Claudine. – Toi, participer aux activités de la commune ?! C’est bizarre, je ne t’ai jamais vu donner un peu de ton temps pour aider… (Elle réfléchit.) Pour aider à monter la scène pour le théâtre, par exemple !
Raymond. – J’aime pas le théâtre !
Claudine. – Forcément, ils sont moins… dénudés ! Et si c’étaient des mecs qui se pavanaient les fesses à l’air dans ton club là, Le Club des coquelets par exemple, tu irais aussi souvent ?
Raymond, l’air moins emballé du coup. – Souvent, souvent… Je… Comment dire…
Claudine. – Ah ! Tu vois ! Ce serait moins intéressant, hein…
Raymond. – Non, non, j’irais pareil…
Claudine. – Menteur !
Raymond. – Ah, Menteur, comme le nain !
Claudine. – Quoi, le nain ?
Raymond. – Y’a pas un nain dans Blanche-Fesse qui s’appelle Menteur ?
Claudine, se moquant de lui. – Pas du tout ! Tu ferais mieux de regarder un peu plus souvent Blanche-Fesse au lieu d’aller reluquer celles des autres ! (Elle sort côté couloir.)
Raymond. – Mais enfin, quand elle va se distraire deux fois par an voir la troupe de théâtre de la commune, je dis rien ! Moi, par contre, j’ai pas le droit d’aller me distraire au club tous les week-ends !

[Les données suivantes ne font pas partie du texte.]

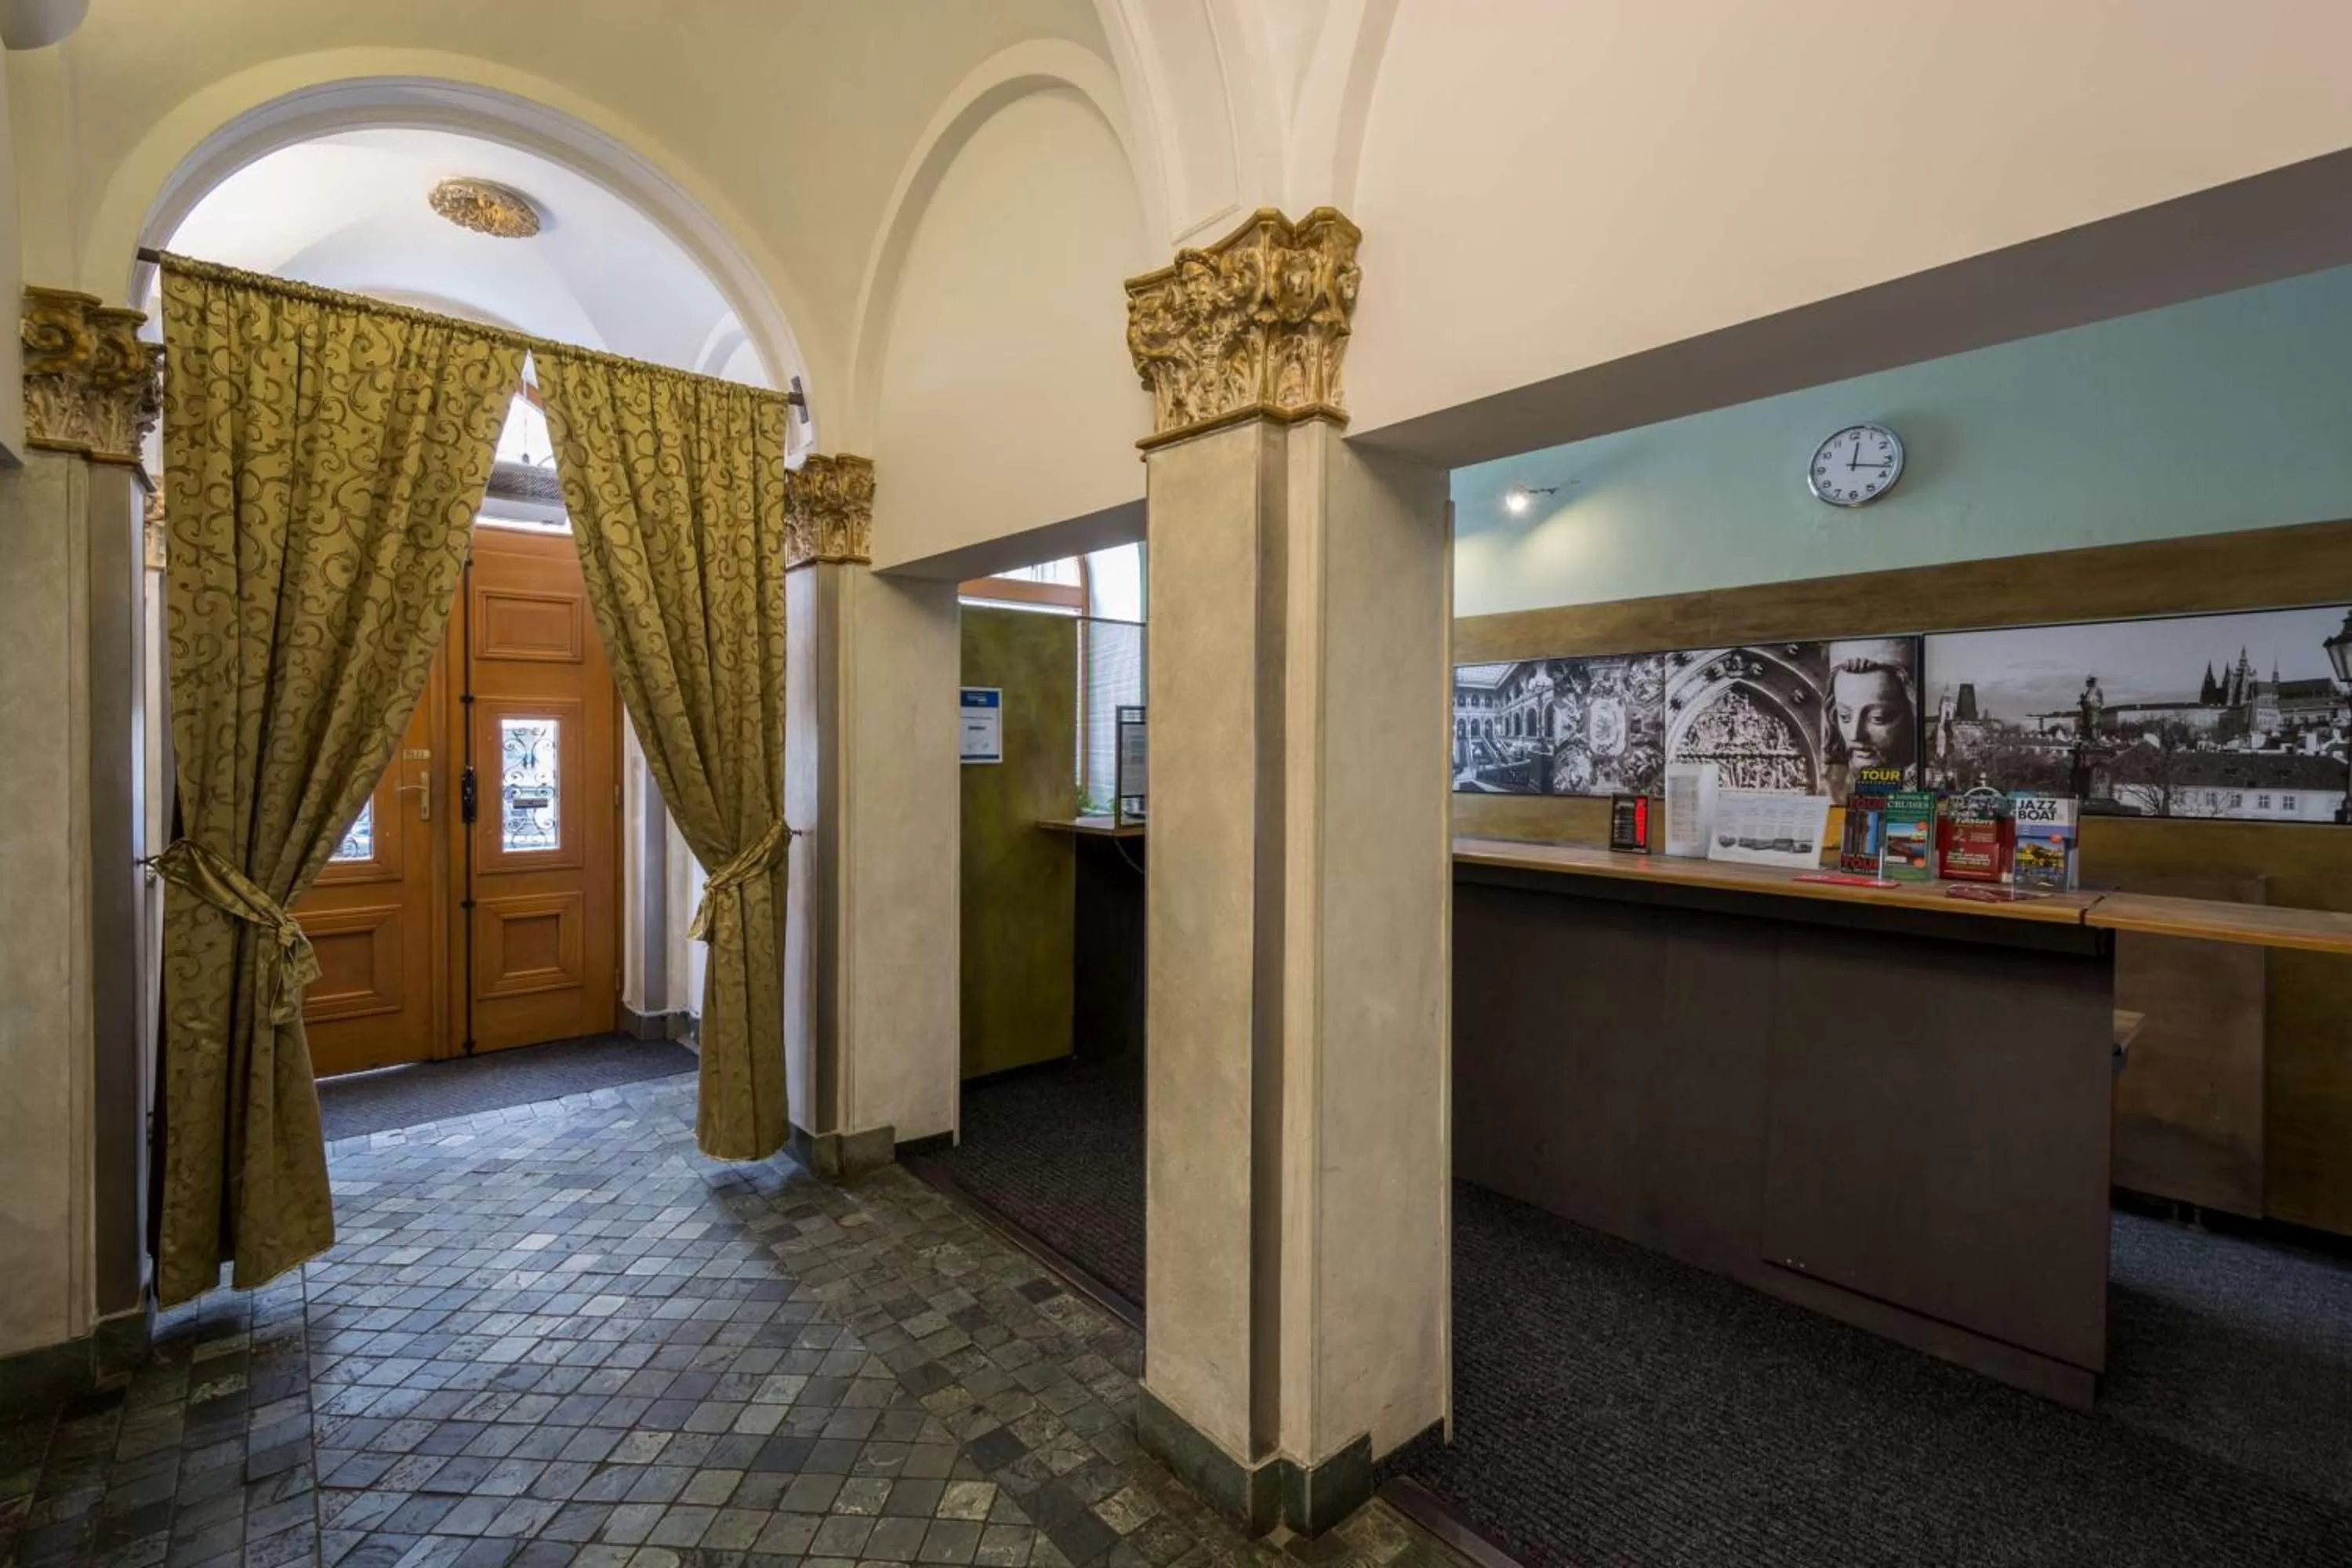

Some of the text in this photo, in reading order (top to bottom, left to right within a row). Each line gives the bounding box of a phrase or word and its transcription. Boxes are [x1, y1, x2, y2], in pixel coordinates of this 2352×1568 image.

Le maire, entrant côté cour, un peu speed. – Salut Raymond ! Tu parles tout seul ?
Raymond. – Ah, te v’là quand même ! Je commençais à désespérer !
Le maire. – Je sais, je sais… Mais j’avais un dossier à terminer à la mairie…
Raymond. – Tu travailles le dimanche maintenant ?
Le maire. – Tu sais, quand on est maire, on l’est toute la semaine et surtout à Champcrotteux !
Raymond. – Moi, je voudrais pas prendre ta place ! S’occuper de tout un village, je ne sais pas comment tu fais ?
Le maire. – C’est vrai que, quand on est maire, on est aussi un peu la mère de tout le monde dans le village !
Raymond. – Quand les gens auront fini de se plaindre aussi ! Enfin, de se plaindre et de réclamer !
Le maire. – ça réclame, ça réclame et après ça se plaint de payer trop d’impôts locaux ! On n’a rien sans rien !
Raymond, jetant un rapide coup d’œil à l’extérieur. – Euh, j’y pense là, tu ne pourrais pas me faire mettre un p’tit lampadaire devant chez moi, juste à l’entrée de ma cour, j’y vois rien la nuit…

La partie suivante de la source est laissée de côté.